Update 18/10/2022
Le 29 avril 2012, un agriculteur a été intoxiqué par du sulfure d’hydrogène ou des vapeurs de H2S alors qu’il voulait réparer une pompe submersible dans un puits. L’agriculteur n’y a pas survécu. Cet accident montre une fois de plus à quel point il est important de suivre des procédures correctes et d’utiliser des équipements de protection lorsqu’on effectue des travaux dans des puits ou des égouts.
Formation de sulfure d’hydrogène
Le sulfure d’hydrogène est un gaz mortel que l’on obtient par la conversion de matériel organique que l’on trouve dans un environnement appauvri en oxygène par des bactéries anaérobies et sulfatoréductrices, par exemple sur le sol d’une fosse septique.

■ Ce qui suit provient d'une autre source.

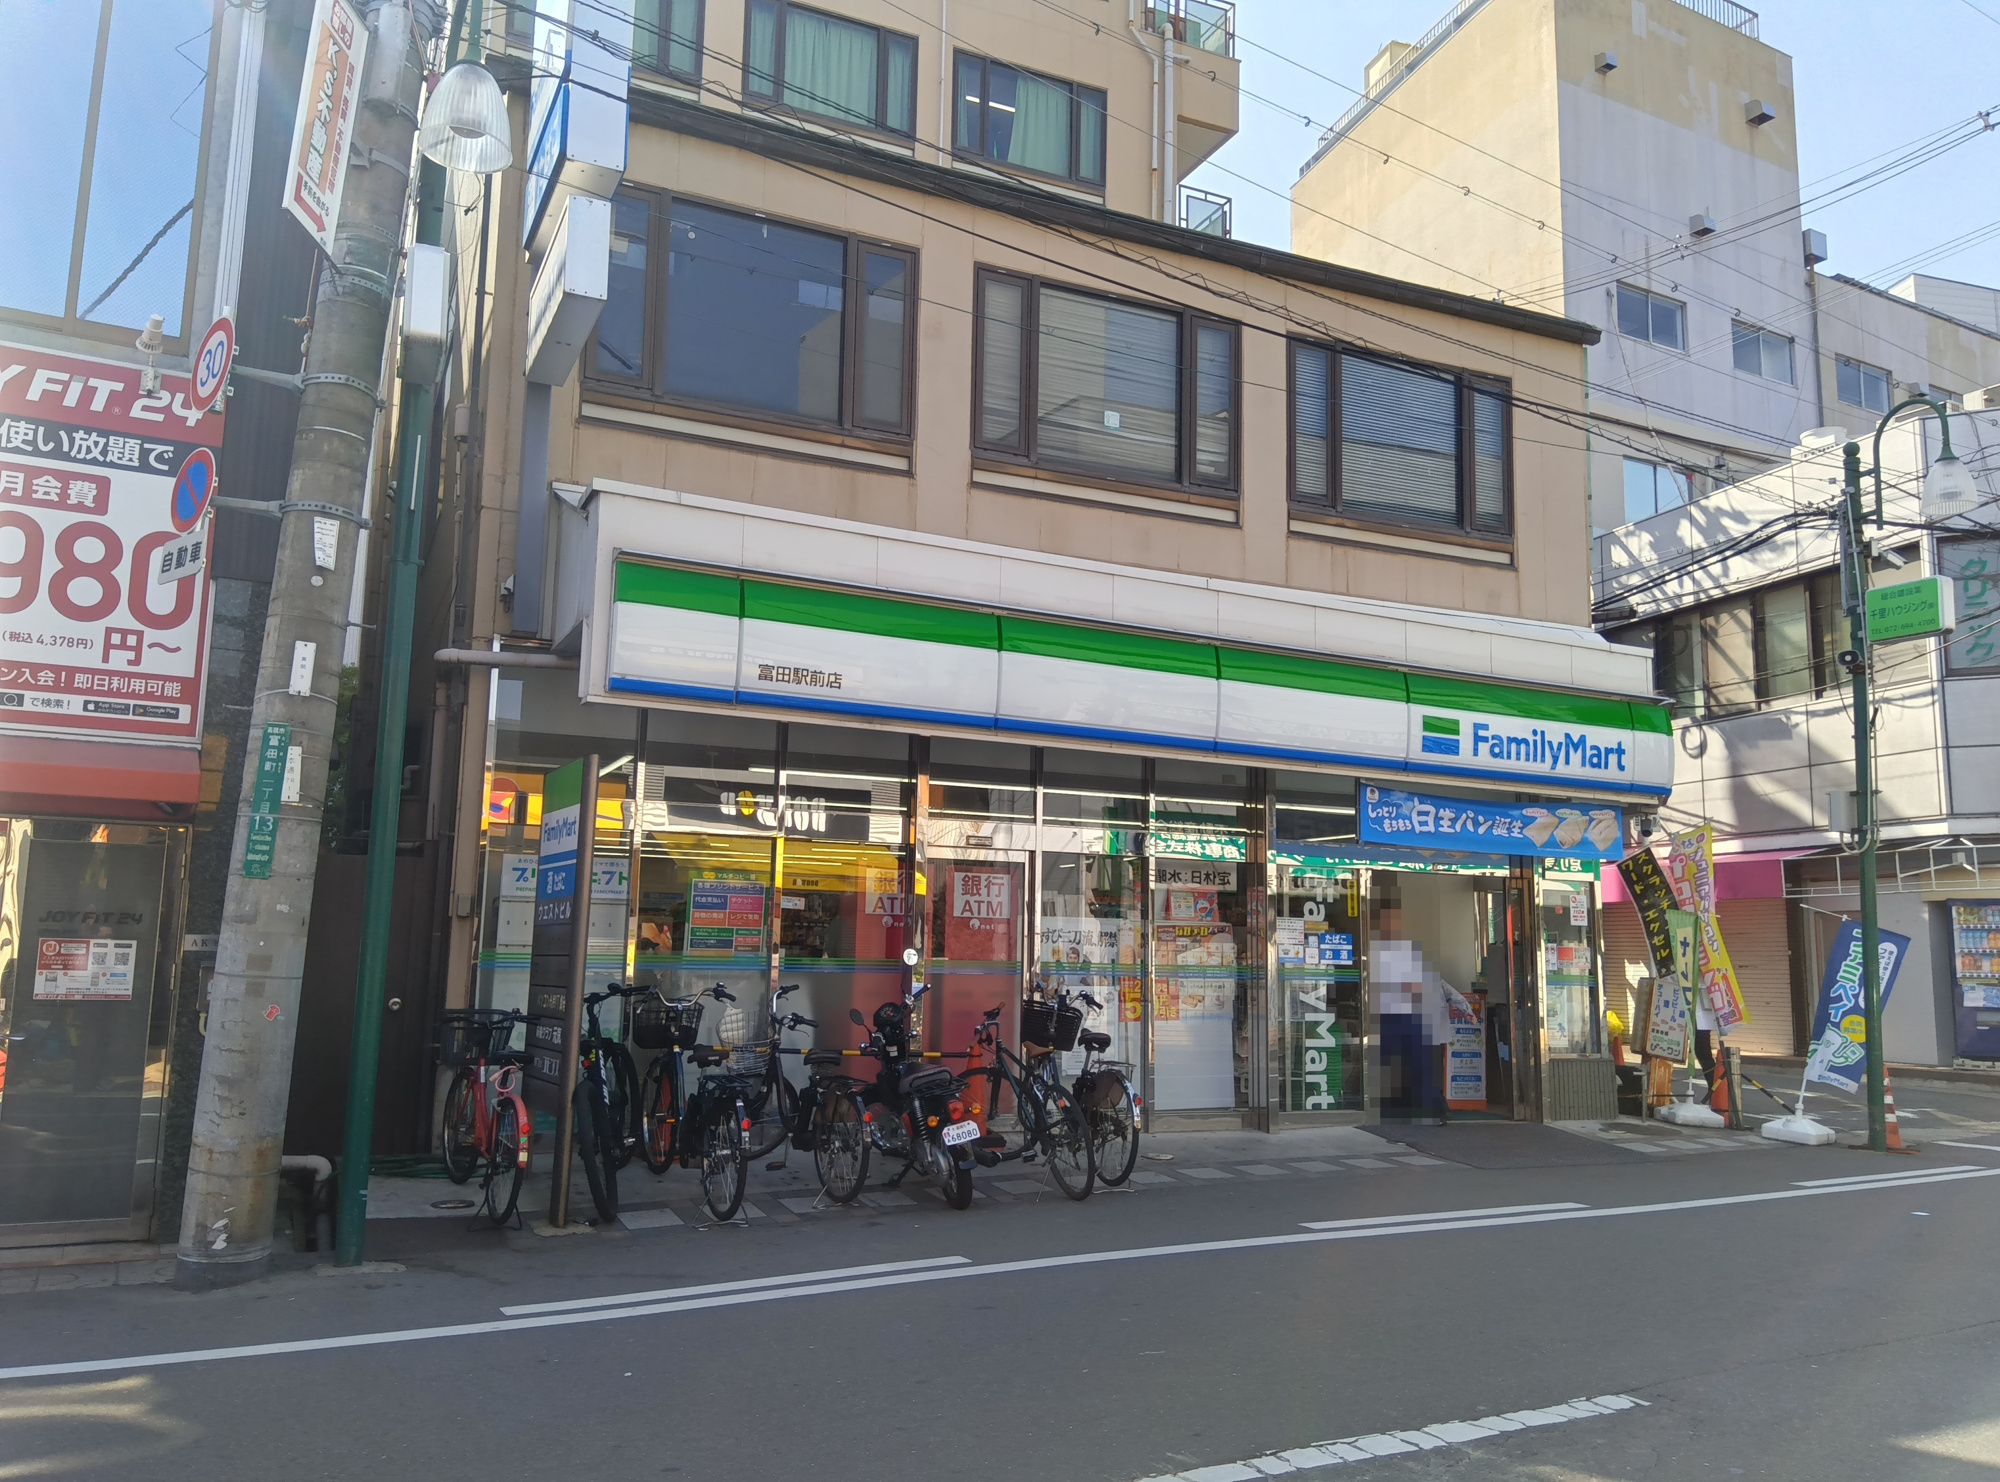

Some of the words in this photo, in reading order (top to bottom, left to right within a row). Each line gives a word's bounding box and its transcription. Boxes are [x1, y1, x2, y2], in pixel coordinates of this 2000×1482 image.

[199, 341, 224, 388] 30
[129, 389, 205, 427] 24
[0, 418, 174, 471] 使い放題で
[0, 470, 98, 508] 月会費
[161, 541, 203, 574] 自動車
[757, 663, 843, 690] 富田駅前店
[30, 696, 71, 710] で検索！
[147, 706, 165, 714] Google
[166, 708, 177, 716] Play
[1473, 722, 1626, 772] FamilyMart
[1368, 804, 1397, 817] しっとり
[254, 815, 274, 831] 13
[543, 816, 577, 845] FamilyMart
[1383, 818, 1412, 833] もちもち
[961, 874, 1005, 898] 銀行
[38, 910, 81, 923] JOY
[115, 912, 144, 925] 24
[960, 899, 1003, 917] ATM
[1325, 933, 1347, 944] たばこ

Plusieurs circonstances et lieux de la vie quotidienne permettent le développement du sulfure d’hydrogène. Les puits et égouts en font partie.

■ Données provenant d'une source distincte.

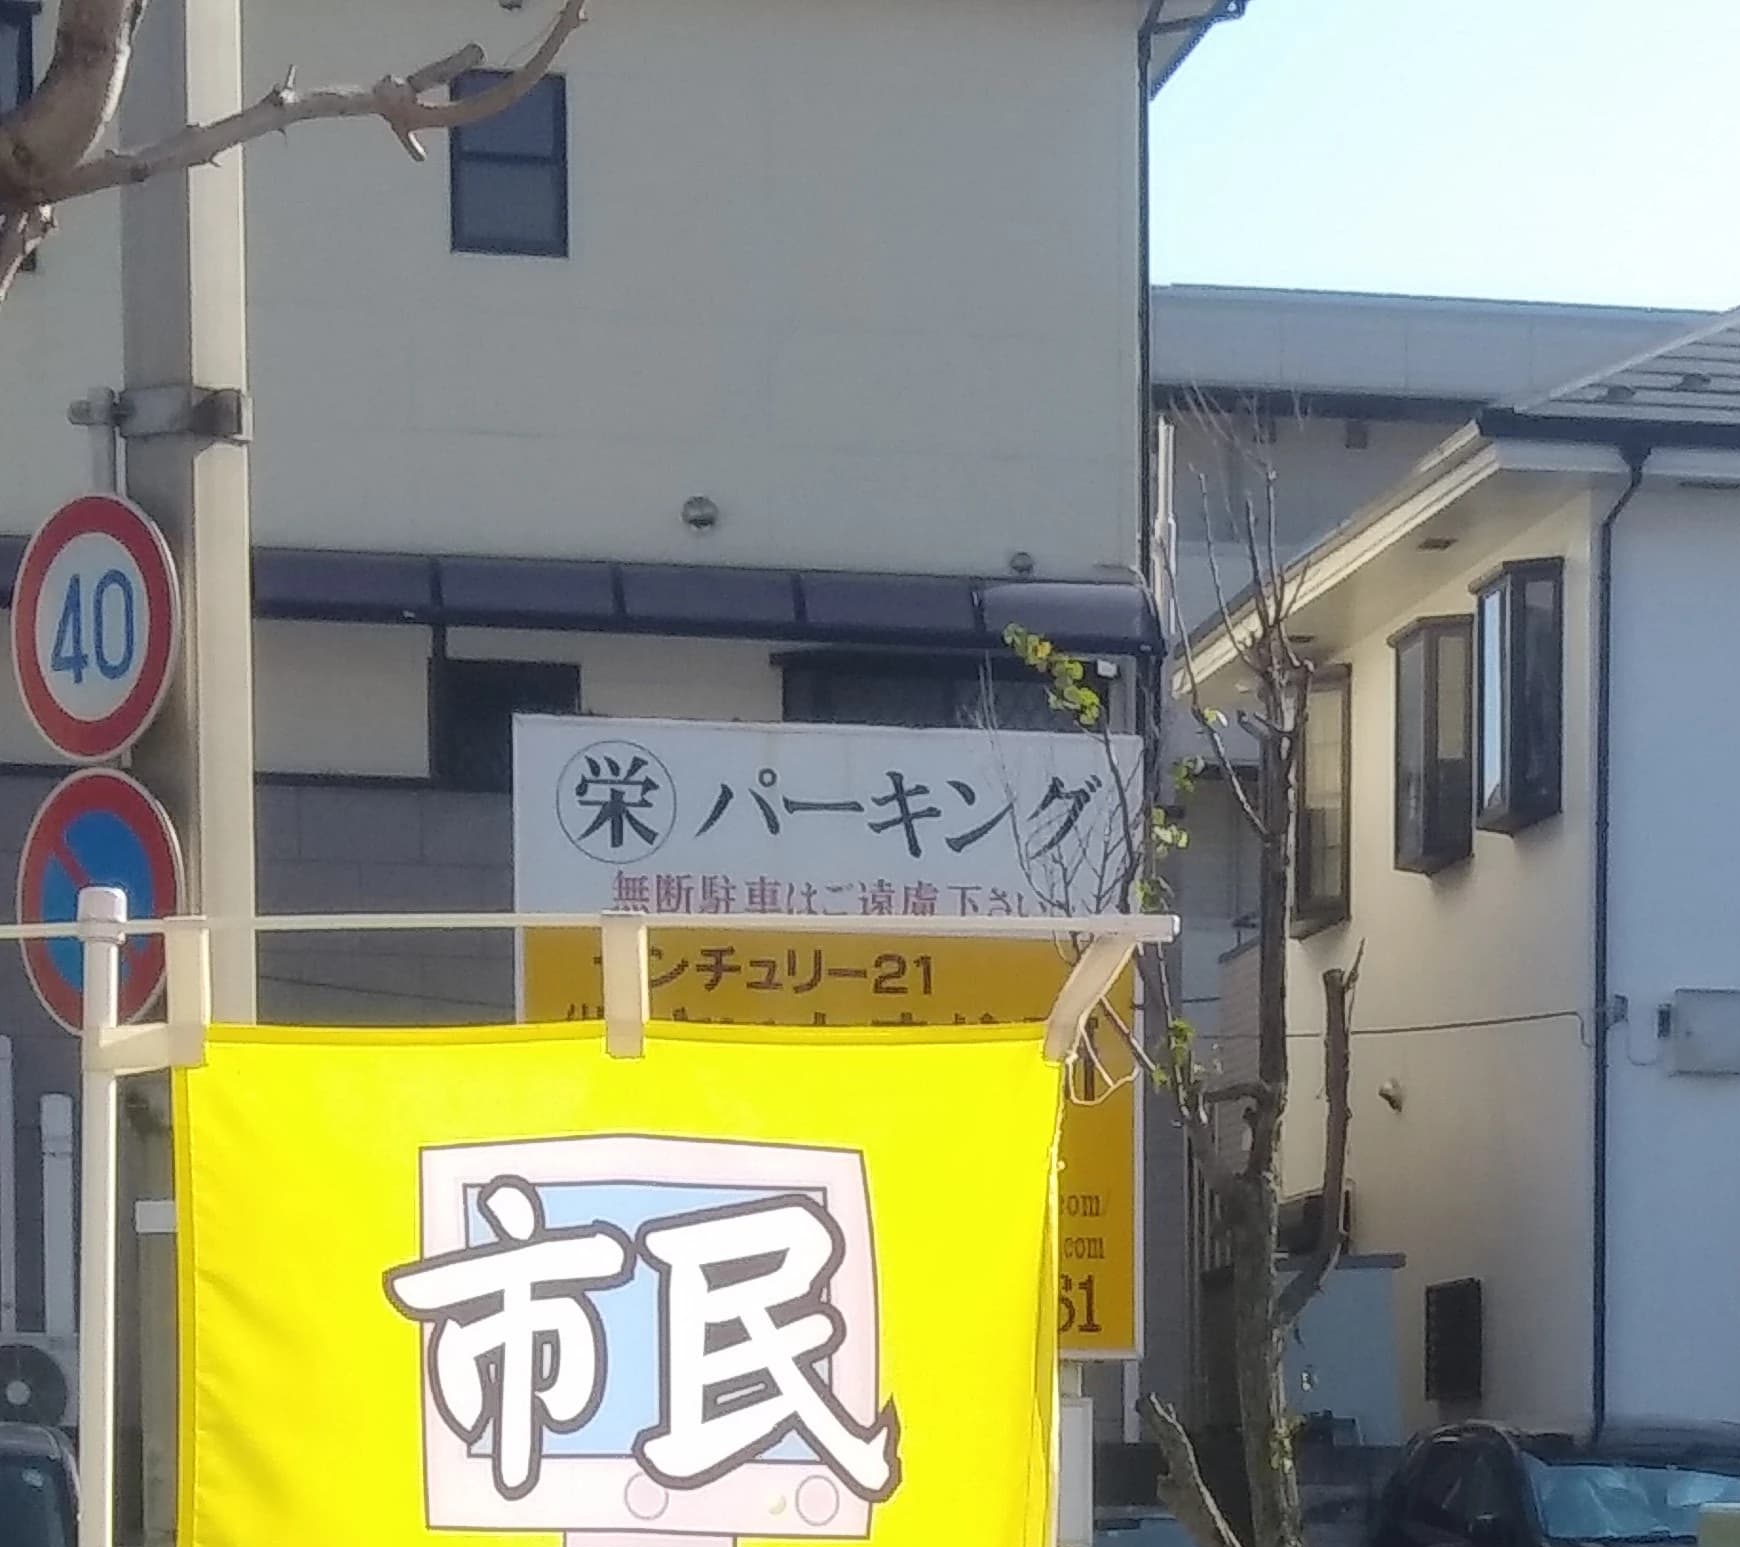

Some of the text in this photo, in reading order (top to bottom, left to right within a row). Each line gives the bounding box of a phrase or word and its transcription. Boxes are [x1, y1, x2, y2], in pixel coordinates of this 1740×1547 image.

[51, 568, 135, 684] 40
[574, 753, 1104, 858] 栄 パーキング
[592, 945, 932, 996] ンチュリー21
[382, 1176, 902, 1503] 市民

Dans un contexte professionnel également, il existe des circonstances typiques dans lesquelles cela peut avoir lieu, comme dans les installations d’épuration d’eau, les dépotoirs et les installations de fermentation, dans les laboratoires qui utilisent le gaz, pendant les prélèvements d’échantillons sur les navires remplis de pétrole brut ou dans l’industrie chimique qui produit cette substance ou dans des lieux où ces substances peuvent être dégagées, comme dans les raffineries ou pendant l’extraction de pétrole.
Composition atypique du gaz en à l’air libre
L’air libre de l’atmosphère contient normalement 78% d’azote, 20,7% d’oxygène et plusieurs gaz résiduels dont l’argon et le dioxyde de carbone sont les principaux. Dans des conditions normales, ces concentrations oscillent à peine, seul le pourcentage de vapeur d’eau (ca. 1%) fluctue. Dans des situations où l’aération est insuffisante et que l’on décrit dans le jargon de la sécurité comme « espaces confinés », des écarts peuvent toutefois apparaître par rapport à cette composition naturelle du gaz.

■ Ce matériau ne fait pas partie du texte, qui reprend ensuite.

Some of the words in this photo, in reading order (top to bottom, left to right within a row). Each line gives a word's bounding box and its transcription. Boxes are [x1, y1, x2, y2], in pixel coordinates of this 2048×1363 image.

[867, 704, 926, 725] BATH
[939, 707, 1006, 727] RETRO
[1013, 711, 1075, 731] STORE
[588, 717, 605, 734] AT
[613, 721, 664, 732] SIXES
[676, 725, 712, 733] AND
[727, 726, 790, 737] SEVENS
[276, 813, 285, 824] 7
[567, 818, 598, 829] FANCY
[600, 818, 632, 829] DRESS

Ces écarts sont parfois inconnus et involontaires, mais parfois ils sont aussi créés consciemment. Dans l’industrie, les réservoirs de stockage sont parfois consciemment pourvus d’une inertisation à l'azote pour éviter les explosions. Cela signifie qu’on va « couler ou dilluer » un espace gazeux avec un gaz inerte pour, de la sorte, éliminer ainsi les gaz non désirés (comme l’oxygène dans ce cas-ci) d’un espace. Auparavant, le secteur alimentaire en faisait également usage. Pour une inertisation, on utilise souvent de l’azote, mais parfois aussi d’autres gaz inertes, tels que l’argon, qui en soi ne sont pas dangereux, mais qui impliquent un risque d’étouffement.
Pour connaître les compositions du gaz qui sont dangereuses pour une personne, le mesurage de la composition du gaz est une des procédures de sécurité élémentaires.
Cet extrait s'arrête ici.